» **WORK REQUIRED**
Repeat every entry word for word, skipping the pictures.
---------- INPUT MATERIAL ----------
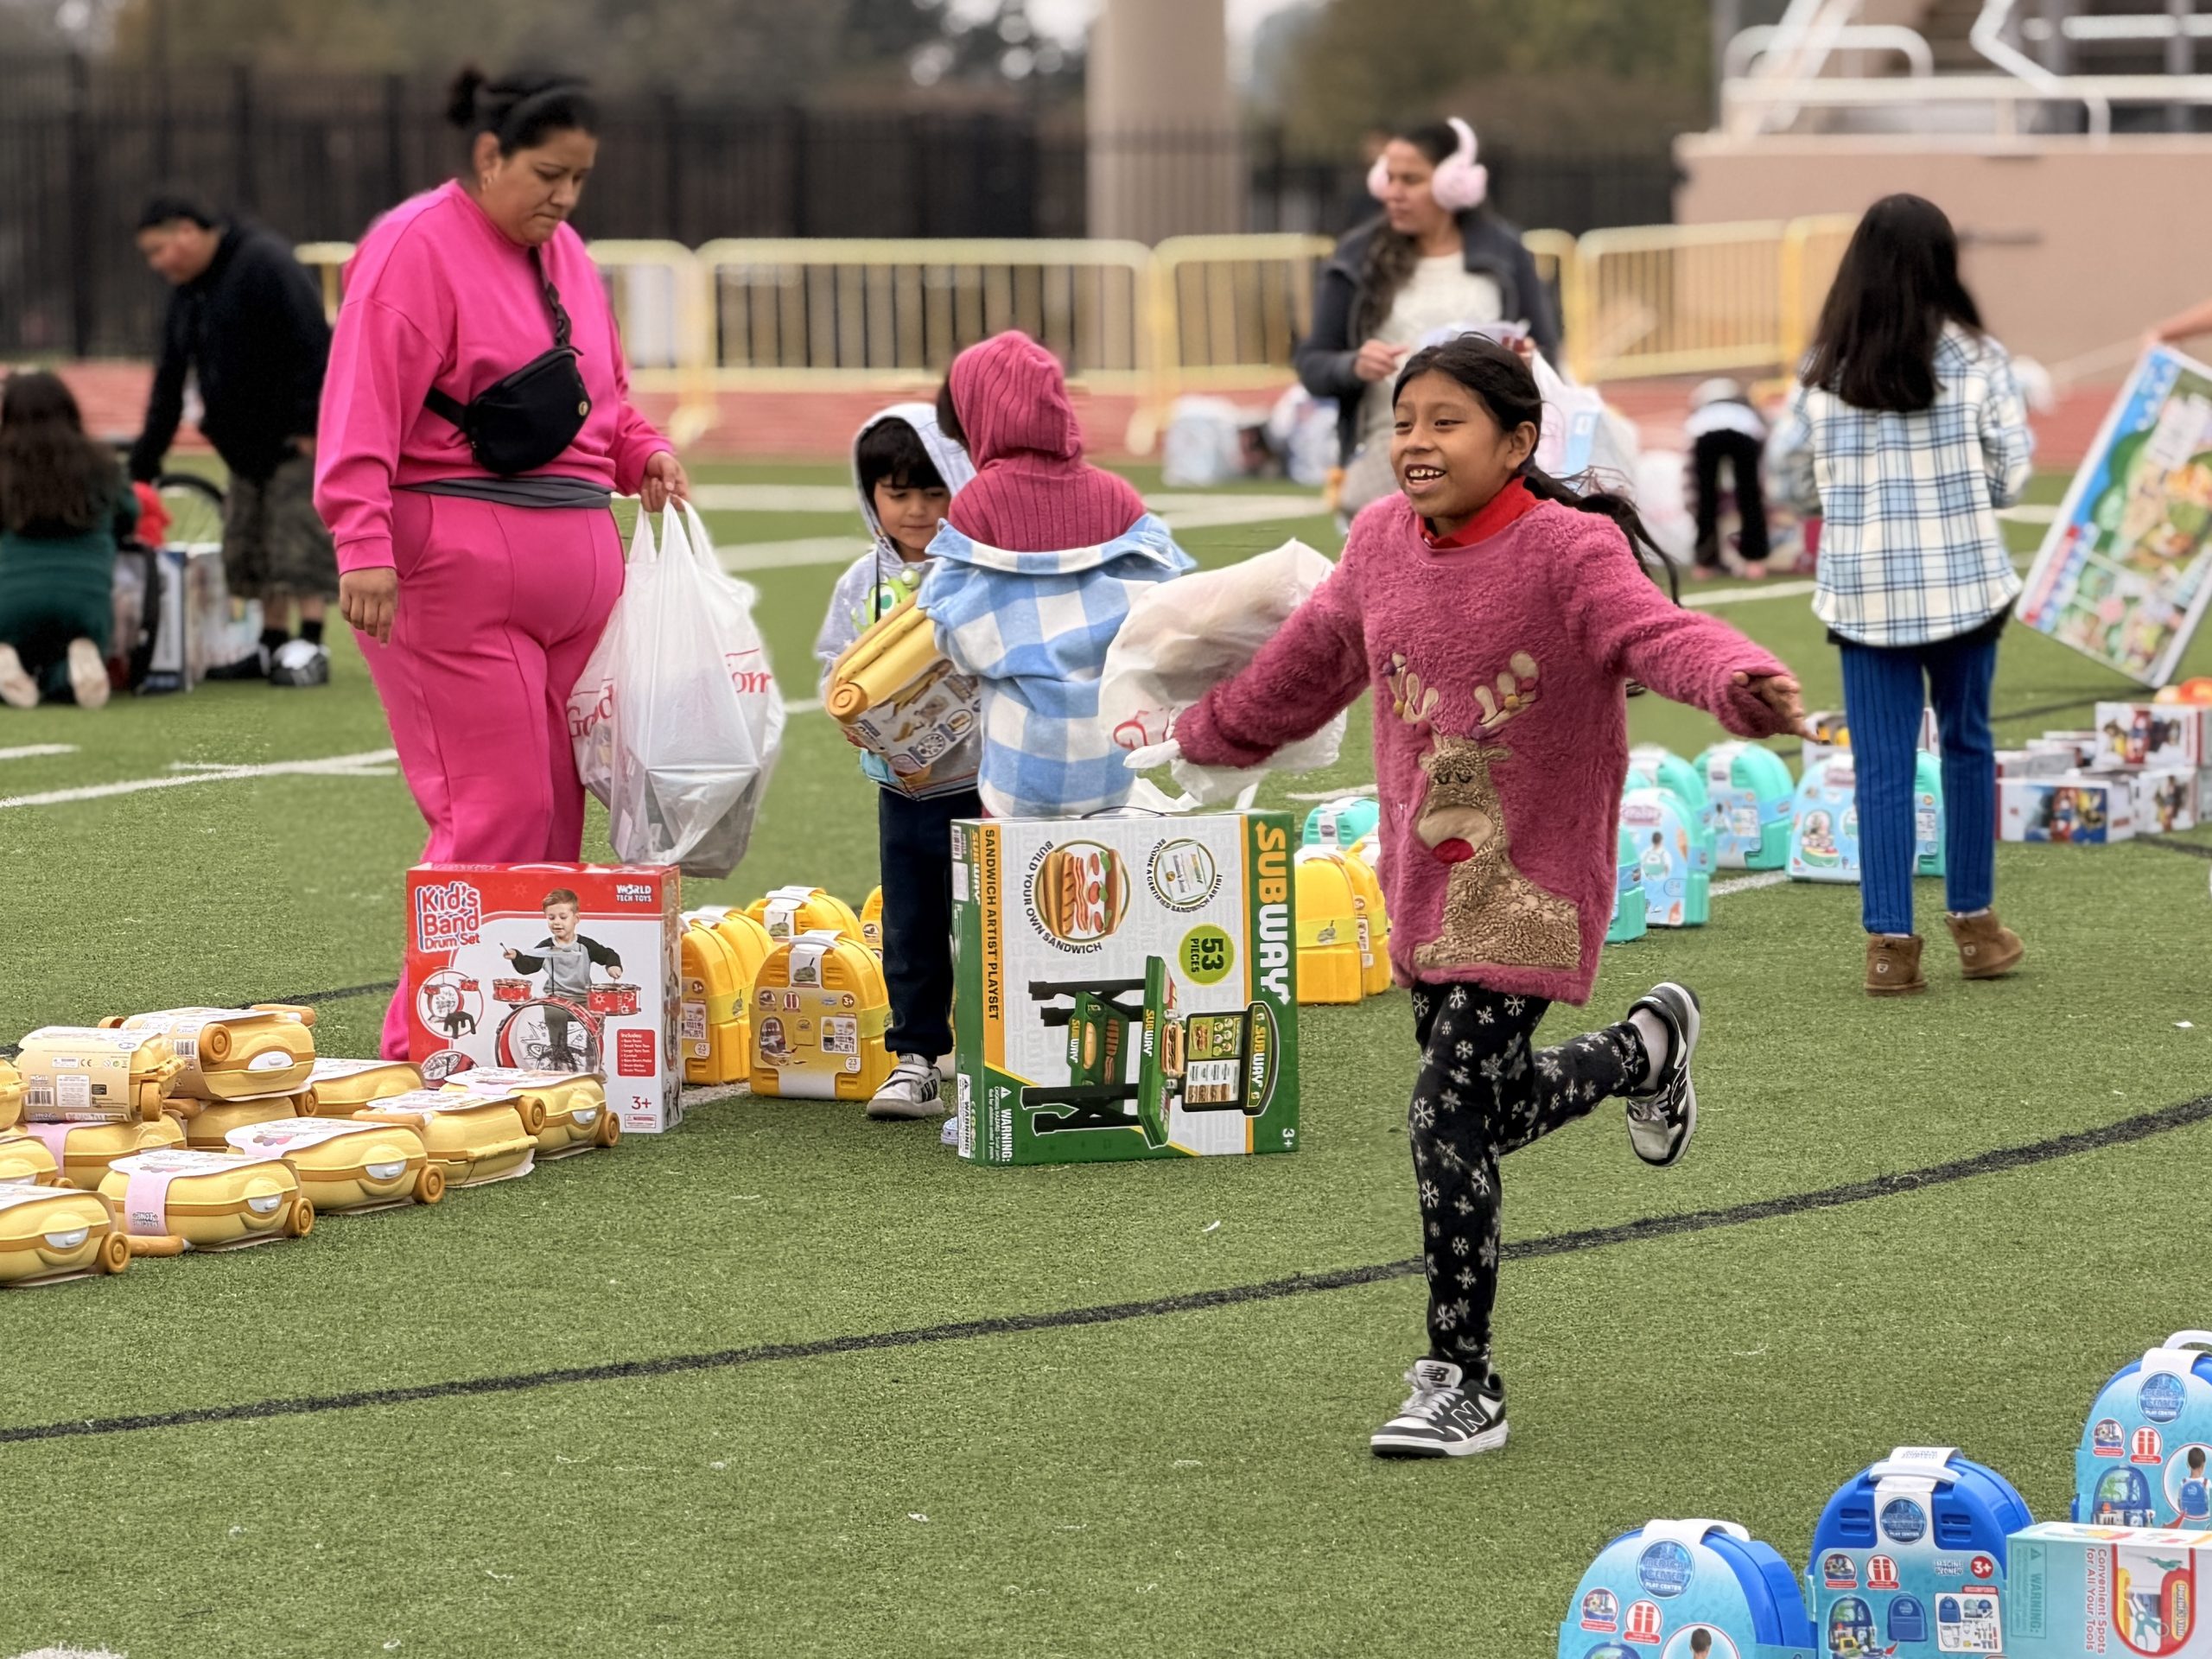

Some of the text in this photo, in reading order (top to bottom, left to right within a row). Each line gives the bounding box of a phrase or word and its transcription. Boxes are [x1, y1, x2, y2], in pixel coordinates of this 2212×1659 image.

[421, 885, 479, 913] Kid's
[616, 884, 652, 894] WORLD
[635, 894, 652, 903] TOYS
[1023, 841, 1103, 954] BUILD YOUR OWN SANDWICH
[423, 906, 480, 936] Band
[986, 830, 999, 1020] SANDWICH ARTIST PLAYSET
[1255, 821, 1291, 1006] SUBWAY
[424, 932, 480, 950] Drum Set
[1191, 938, 1199, 973] PIECES
[1201, 938, 1224, 970] 53
[1068, 1019, 1080, 1064] SUBWAY
[1144, 1009, 1155, 1057] SUBWAY
[1251, 1024, 1266, 1088] SUBWAY
[632, 1096, 652, 1109] 3+
[1001, 1109, 1013, 1162] WARNING:
[1282, 1128, 1295, 1147] 3+
[1974, 1560, 1992, 1574] 3+
[2031, 1573, 2043, 1633] WARNING:
[2086, 1548, 2096, 1650] for All Your Tools
[2097, 1548, 2107, 1654] Convenient Spots
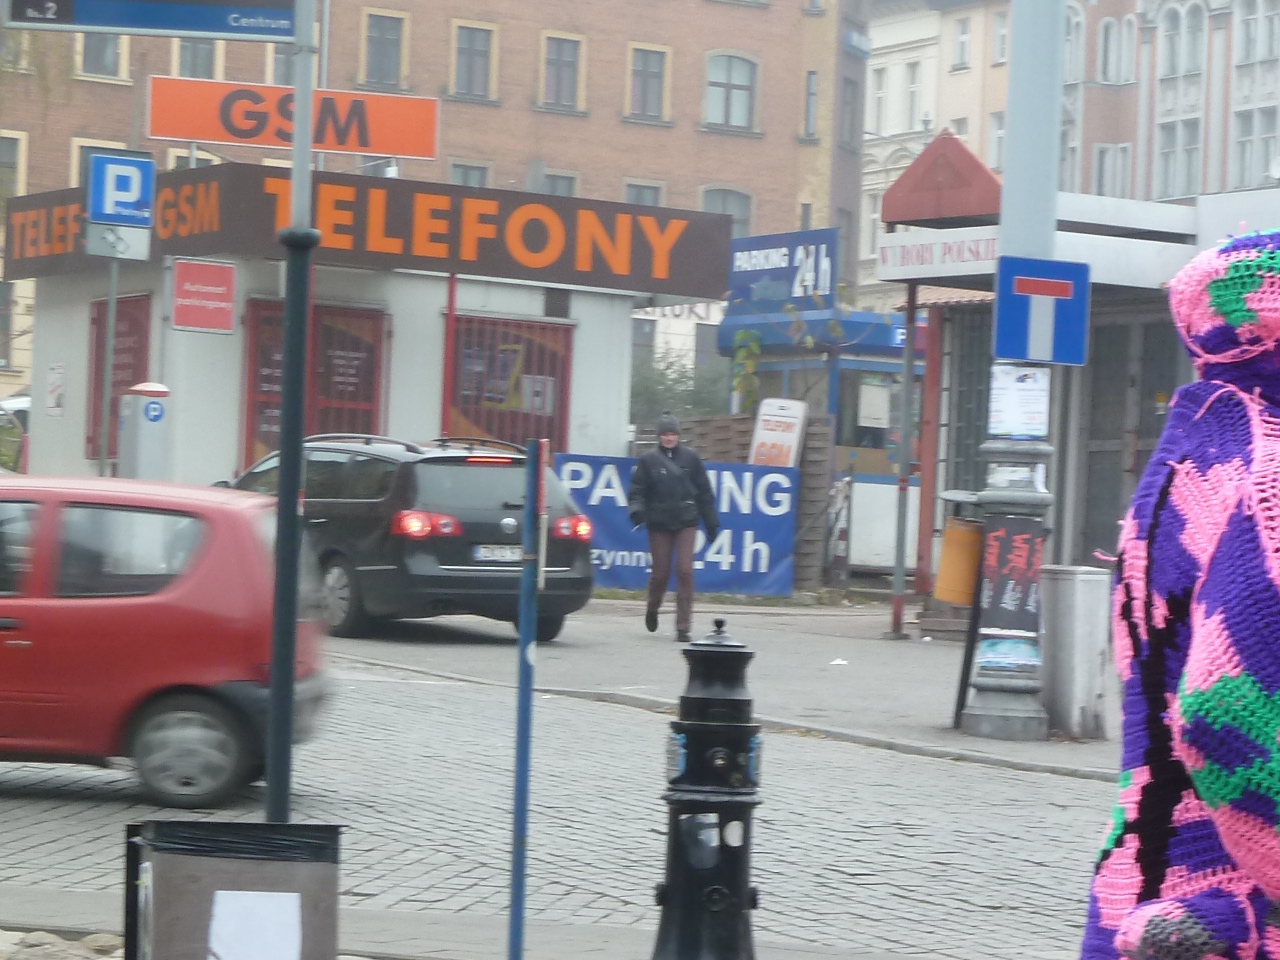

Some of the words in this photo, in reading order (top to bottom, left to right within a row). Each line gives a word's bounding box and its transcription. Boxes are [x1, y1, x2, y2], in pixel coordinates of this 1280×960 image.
----------
» **RESPONSE TO THIS TASK**
Some of the text in this photo, in reading order (top to bottom, left to right within a row). Each line gives the bounding box of a phrase or word and its transcription. Boxes are [x1, y1, x2, y2], in pixel coordinates of this 2212×1659 image.

[421, 885, 479, 913] Kid's
[616, 884, 652, 894] WORLD
[635, 894, 652, 903] TOYS
[1023, 841, 1103, 954] BUILD YOUR OWN SANDWICH
[423, 906, 480, 936] Band
[986, 830, 999, 1020] SANDWICH ARTIST PLAYSET
[1255, 821, 1291, 1006] SUBWAY
[424, 932, 480, 950] Drum Set
[1191, 938, 1199, 973] PIECES
[1201, 938, 1224, 970] 53
[1068, 1019, 1080, 1064] SUBWAY
[1144, 1009, 1155, 1057] SUBWAY
[1251, 1024, 1266, 1088] SUBWAY
[632, 1096, 652, 1109] 3+
[1001, 1109, 1013, 1162] WARNING:
[1282, 1128, 1295, 1147] 3+
[1974, 1560, 1992, 1574] 3+
[2031, 1573, 2043, 1633] WARNING:
[2086, 1548, 2096, 1650] for All Your Tools
[2097, 1548, 2107, 1654] Convenient Spots

Some of the words in this photo, in reading order (top to bottom, left to right within a row). Each line gives a word's bounding box and its transcription. Boxes are [x1, y1, x2, y2], in pixel coordinates of this 1280×960 image.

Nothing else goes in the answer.